Many readers will have already seen Prachatai’s report on the iLaw study of the apparently unconstitutionality of some members of the military junta’s puppet National Legislative Assembly. We say “apparently” because the details of “leaves” taken are considered “secret.”

The point made by iLaw – Prachatai’s report doesn’t seem to get it quite right – is that the stipulated requirements of the Assembly are that in order to receive the substantial salaries they receive, the puppets are mandated to attend one-third of voting sessions in the Assembly. The requirement to attend a stipulated number of voting sessions is mandated by the military’s interim constitution at Article 9(5).

Clipped from iLaw

Clipped from iLaw

The big noise in all of this is that, yet again, The Dictator’s brother, General Preecha Chan-ocha, features. Preecha appears to play by his own “rules,” engaging in all kinds of nepotism, while pocketing the loot of his relationships and his military position, with impunity. Preecha is included in the graphic above, with 4 + 1 attendances.

We can also extrapolate a little on these findings. By not attending for the stipulated proportion of voting meetings, prima facie, membership of the Assembly is ended. Thus, by continuing to receive a salary for doing nothing or very little, such members are potentially engaging in an act of corruption. It can also be suggested that any Assembly actions they take are also unconstitutional. In essence, decisions the Assembly has taken, that these members have been involved in – when they managed to attend – may also be deemed unconstitutional.

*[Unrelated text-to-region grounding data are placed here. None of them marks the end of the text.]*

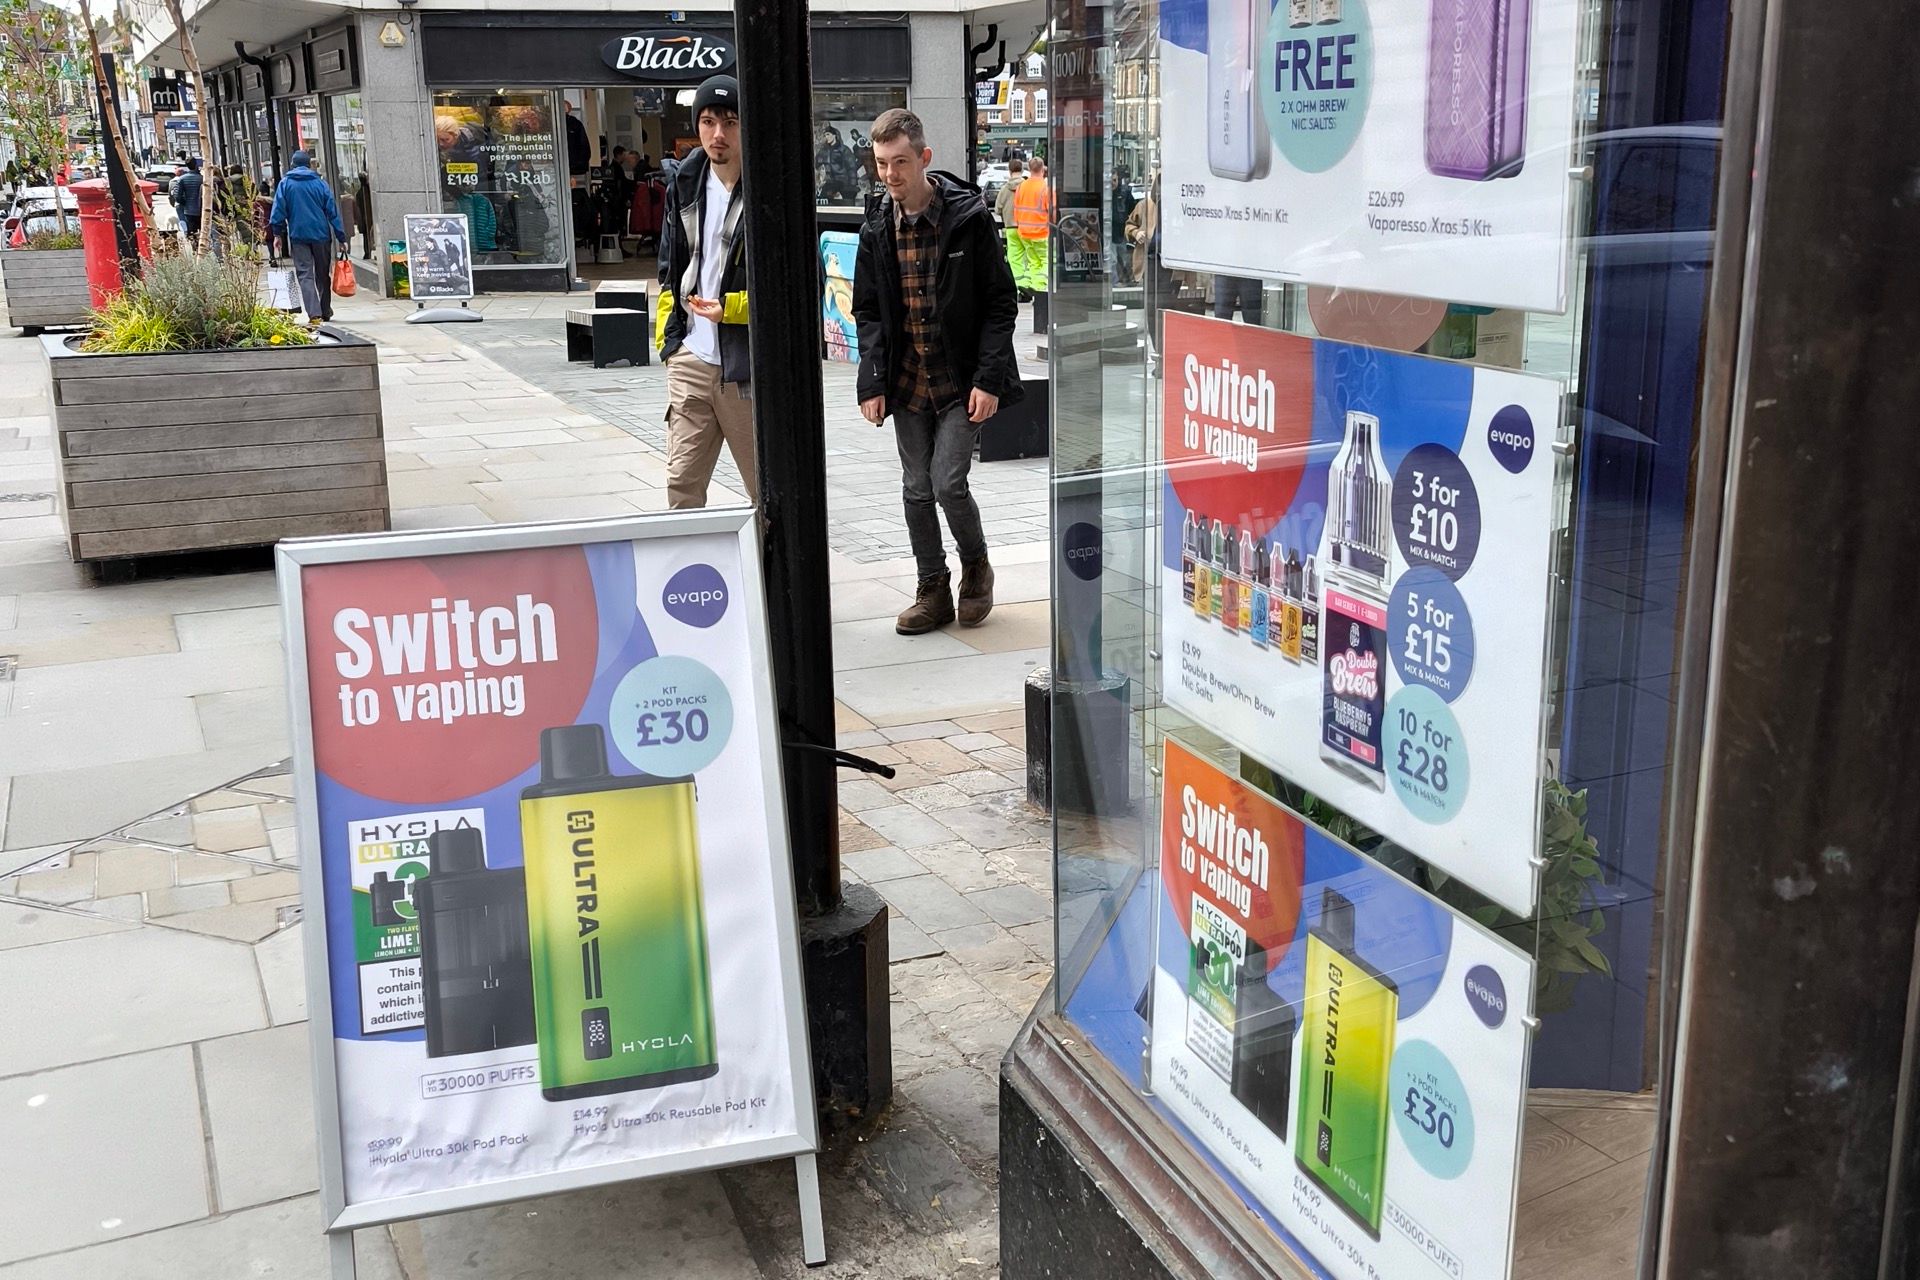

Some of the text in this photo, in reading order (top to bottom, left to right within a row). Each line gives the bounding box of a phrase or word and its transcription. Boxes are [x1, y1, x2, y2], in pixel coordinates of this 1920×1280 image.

[616, 36, 726, 69] Blacks
[1275, 34, 1356, 92] FREE
[1280, 101, 1286, 113] 2
[1296, 100, 1317, 113] OHM
[1319, 99, 1347, 112] BREW
[1291, 117, 1334, 130] NIC SALTS
[480, 143, 552, 153] every mountain
[504, 134, 552, 143] The jacket
[490, 154, 522, 162] person
[447, 174, 478, 185] £149
[520, 170, 551, 184] Rab
[1181, 183, 1205, 198] £19.99
[1181, 203, 1222, 220] Vaporesso
[1245, 206, 1251, 220] 5
[1253, 208, 1273, 223] Mini
[1275, 209, 1289, 223] Kit
[1368, 191, 1405, 208] £26.99
[1367, 214, 1427, 236] Vaporesso
[1461, 217, 1469, 236] 5
[1184, 353, 1276, 434] Switch
[1184, 413, 1258, 472] to vaping
[1490, 429, 1531, 451] evapo
[1412, 471, 1460, 508] 3 for
[1409, 503, 1459, 552] £10
[1409, 545, 1423, 557] MIX
[1431, 552, 1456, 569] MATCH
[667, 589, 723, 607] evapo
[1407, 592, 1454, 631] 5 for
[333, 594, 558, 678] Switch
[1404, 623, 1451, 673] £15
[1346, 650, 1378, 669] Double
[1182, 657, 1276, 719] Double Brew/Ohm Brew
[1182, 674, 1214, 704] Nic Salts
[1330, 655, 1378, 701] Brew
[1404, 663, 1418, 676] MIX
[1425, 672, 1450, 690] MATCH
[339, 671, 526, 727] to vaping
[643, 695, 707, 709] 2 POD PACKS
[662, 687, 677, 695] KIT
[1333, 696, 1367, 724] BLUEBERRY
[1335, 709, 1369, 737] RASPBERRY
[636, 709, 709, 747] £30
[1399, 708, 1452, 752] 10 for
[1397, 738, 1448, 792] £28
[363, 840, 431, 860] ULTRA
[1181, 784, 1269, 893] Switch
[572, 838, 600, 938] ULTRA
[1181, 837, 1196, 875] to
[1199, 854, 1252, 919] vaping
[374, 950, 393, 958] LEMON
[381, 934, 413, 949] LIME
[1224, 935, 1242, 959] POD
[389, 967, 416, 978] This
[377, 981, 422, 995] contain
[1466, 978, 1504, 1012] evapo
[379, 995, 415, 1009] which
[371, 1010, 425, 1025] addictive
[1325, 987, 1340, 1066] ULTRA
[622, 1034, 693, 1053] HYOLA
[438, 1073, 485, 1092] 30000
[490, 1065, 535, 1084] PUFFS
[1427, 1071, 1439, 1086] KIT
[1418, 1078, 1434, 1096] POD
[1435, 1092, 1458, 1115] PACKS
[573, 1106, 608, 1121] £14.99
[611, 1117, 641, 1129] Ultra
[670, 1104, 721, 1120] Reusable
[725, 1099, 747, 1111] Pod
[750, 1097, 766, 1108] Kit
[1404, 1087, 1455, 1149] £30
[410, 1147, 443, 1160] Ultra
[446, 1141, 469, 1154] 30k
[473, 1137, 496, 1150] Pod
[500, 1133, 529, 1146] Pack
[1226, 1127, 1242, 1151] Pod
[1243, 1144, 1264, 1170] Pack
[1294, 1175, 1321, 1207] £14.99
[1292, 1193, 1318, 1226] Hyola
[1320, 1217, 1345, 1251] Ultra
[1346, 1244, 1365, 1269] 30k
[1393, 1210, 1459, 1277] 30000 PUFFS

We can surmise that, because “leaves” are secret, because The Dictator’s brother is involved, and because the junta’s work is at stake, that an announcement will be made that the non-attendees were “on leave.”





Rule of law and the princess

16 02 2017

It wasn’t that long ago that PPT posted on the “appointment” of Princess Bajrakitiyabha Mahidol as something called a goodwill ambassador for the rule of law in Southeast Asia at the United Nations Office on Drugs and Crime.

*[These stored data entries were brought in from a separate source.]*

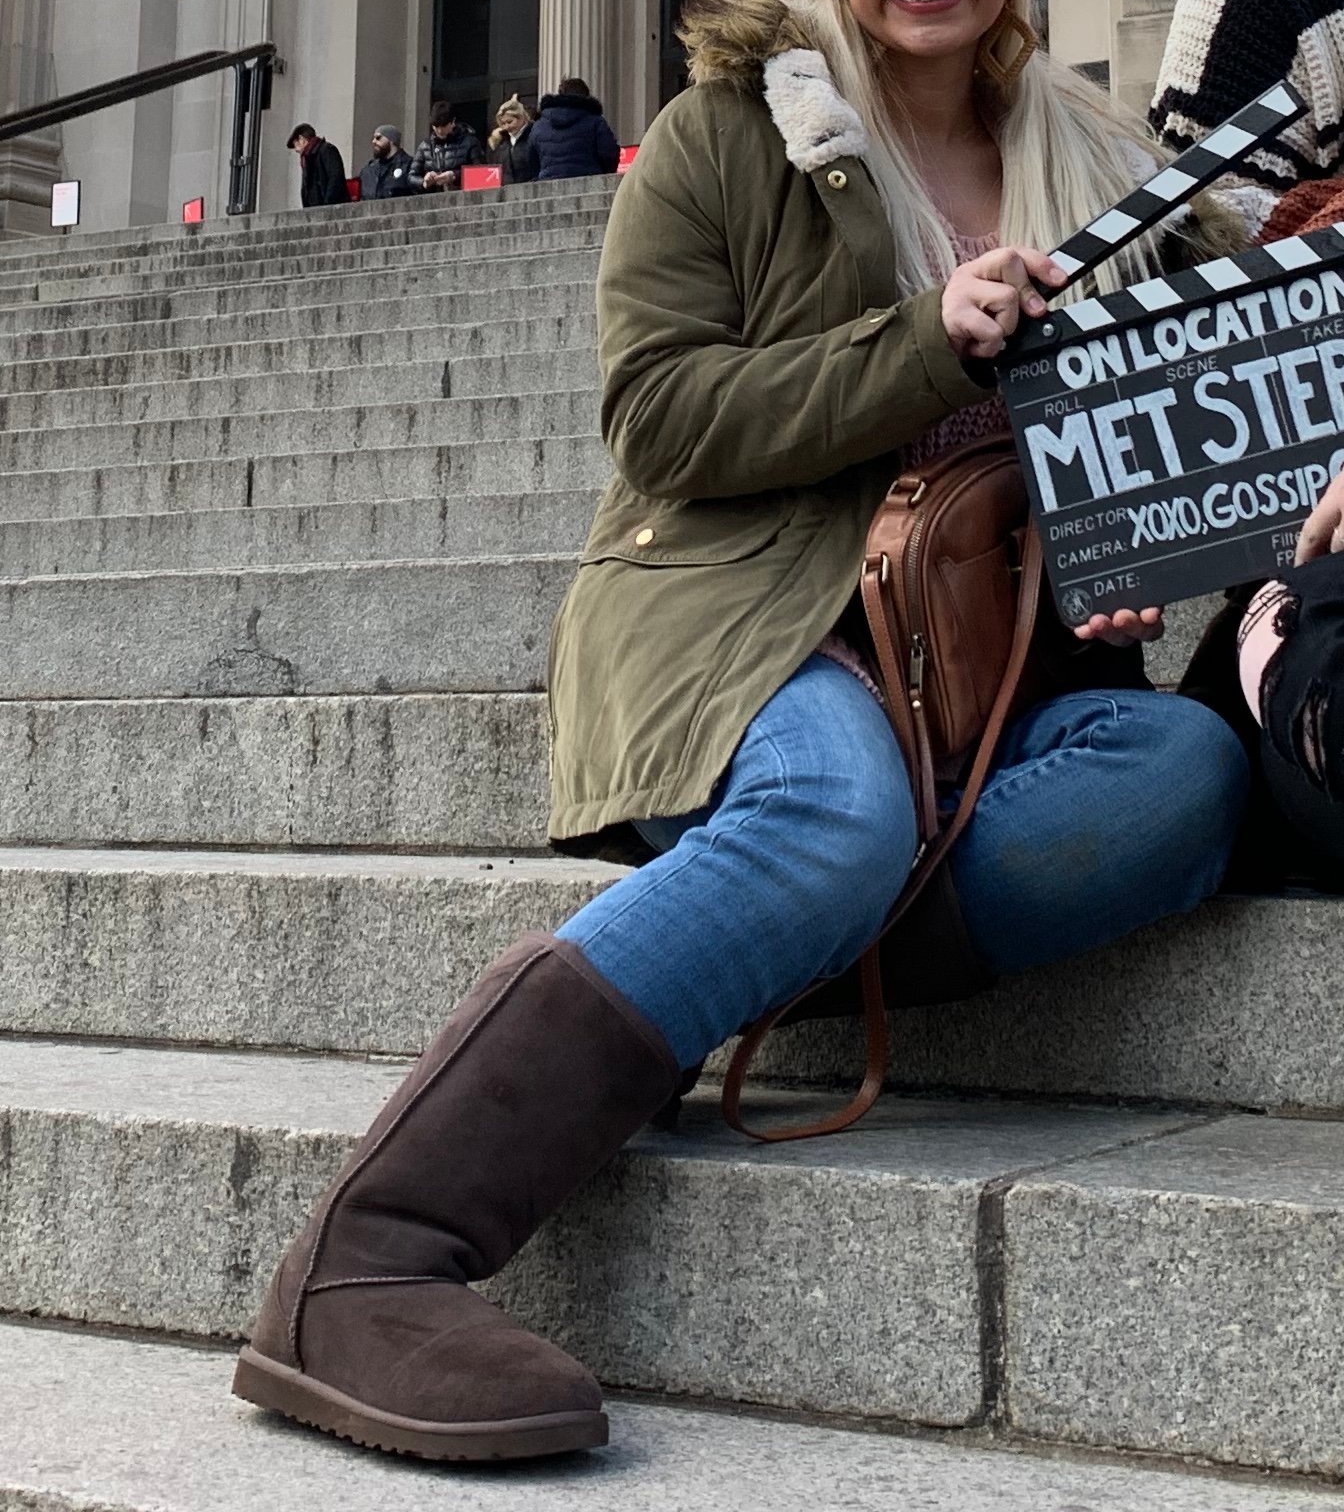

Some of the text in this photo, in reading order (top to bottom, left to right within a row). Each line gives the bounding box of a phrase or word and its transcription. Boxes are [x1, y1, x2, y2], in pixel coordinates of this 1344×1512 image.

[1301, 318, 1344, 343] TAKE
[1010, 359, 1054, 383] PROD.
[1056, 334, 1128, 390] ON
[1165, 355, 1218, 383] SCENE
[1044, 395, 1084, 418] ROLL
[1024, 387, 1185, 513] MET
[1127, 496, 1209, 549] XOXO,
[1202, 464, 1329, 529] GOSSIP
[1056, 539, 1129, 569] CAMERA:
[1094, 572, 1141, 597] DATE:

As we noted then, it seemed very odd to appoint a Thai princess to deal with anything related to the rule of law. After all, Thai royals are protected by a feudal law and hold artificially elevated positions in a country ruled by a military dictatorship that illegally seized power and thumbs its nose at rule of law, in favor of rule by law.

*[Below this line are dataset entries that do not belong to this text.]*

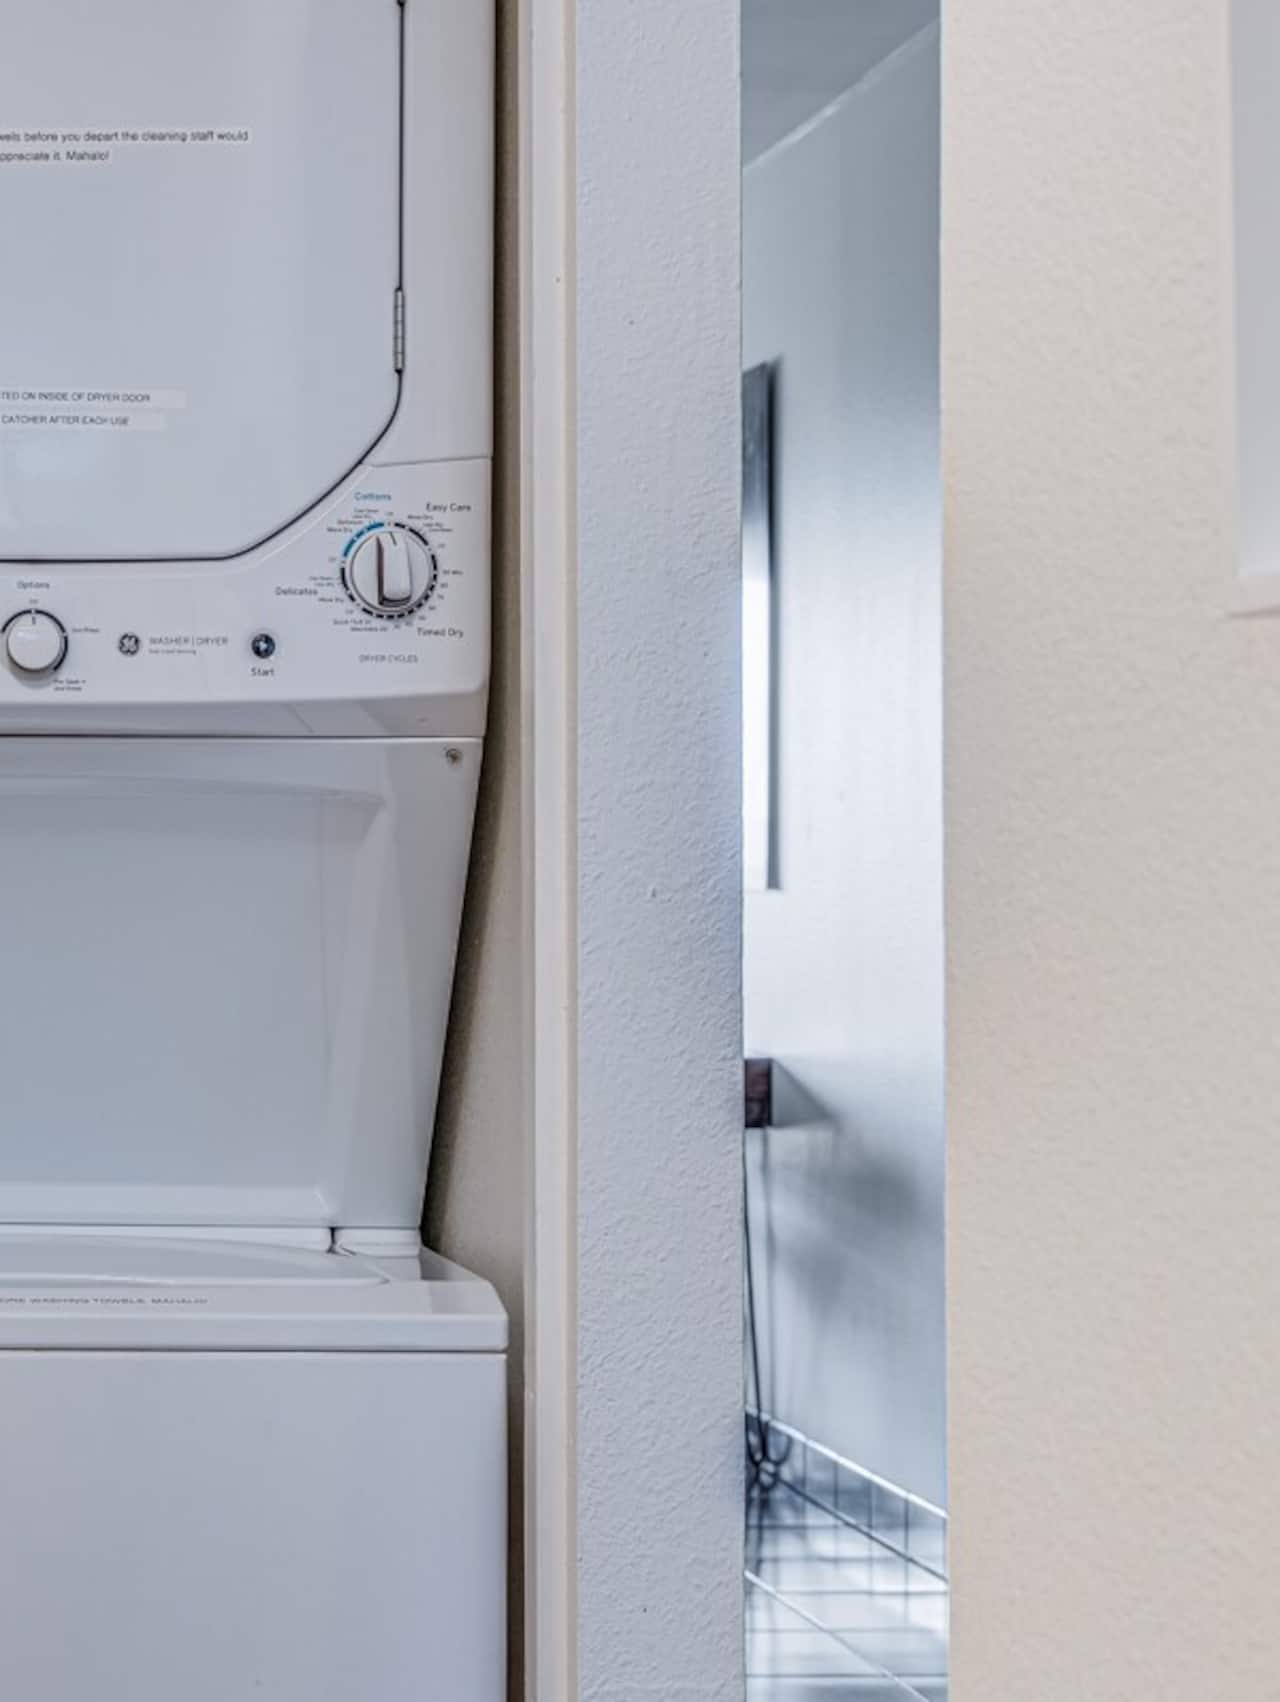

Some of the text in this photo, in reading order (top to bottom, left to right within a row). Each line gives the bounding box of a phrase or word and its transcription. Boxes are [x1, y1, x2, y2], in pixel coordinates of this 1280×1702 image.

[24, 132, 58, 142] before
[61, 133, 81, 144] you
[83, 132, 119, 143] depart
[121, 131, 138, 142] the
[141, 131, 187, 143] cleaning
[190, 131, 214, 142] staff
[217, 131, 249, 142] would
[21, 391, 36, 401] ON
[38, 391, 69, 401] INSIDE
[71, 391, 85, 401] OF
[87, 392, 120, 402] DRYER
[1, 415, 48, 425] CATCHER
[49, 415, 80, 425] AFTER
[426, 503, 471, 514] Easy Care
[417, 627, 464, 639] Timed Dry
[251, 667, 275, 677] Start

Remarkably, it seems to us that the palace and UNODC have responded.

The Nation reports that the royal daughter’s “invaluable experience” and her “long-held interest in the judicial system” are cited as reasons for her appointment. UNODC “told the press yesterday that the [p]rincess had been chosen … due to her enduring passion for the judicial system and also because she has been a professional practitioner in the field for a long time.”

They didn’t say that her “long time” goes back to September 2006 when she was appointed Attorney in the Office of the Attorney General. Yes, “long time” is a mammoth 10 years during which time she’s also had a hectic social and palace life and went off to be Thailand’s ambassador in Vienna for a couple of years.

UNODC executive director Yury Fedotov reckoned this 7 or 8 years of experience “is invaluable” and “enables her to speak with authority on the need for effective, accountable and inclusive institutions.” He’s shoveling buffalo manure. Inclusive institutions? Like monarchy, puppet assemblies and military dictatorships? Other UNODC officials also shoveled the manure making ludicrous claims about the princess’s “experience” and “skills.”

The princess seems to have responded too. She has “pledged to move forward with the principle of rule of law in the region in line with the 2030 United Nations Sustainable Development Agenda.” She declared “the appointment offered her the opportunity to champion the UN’s position on the rule of law and fairness in the criminal justice system.”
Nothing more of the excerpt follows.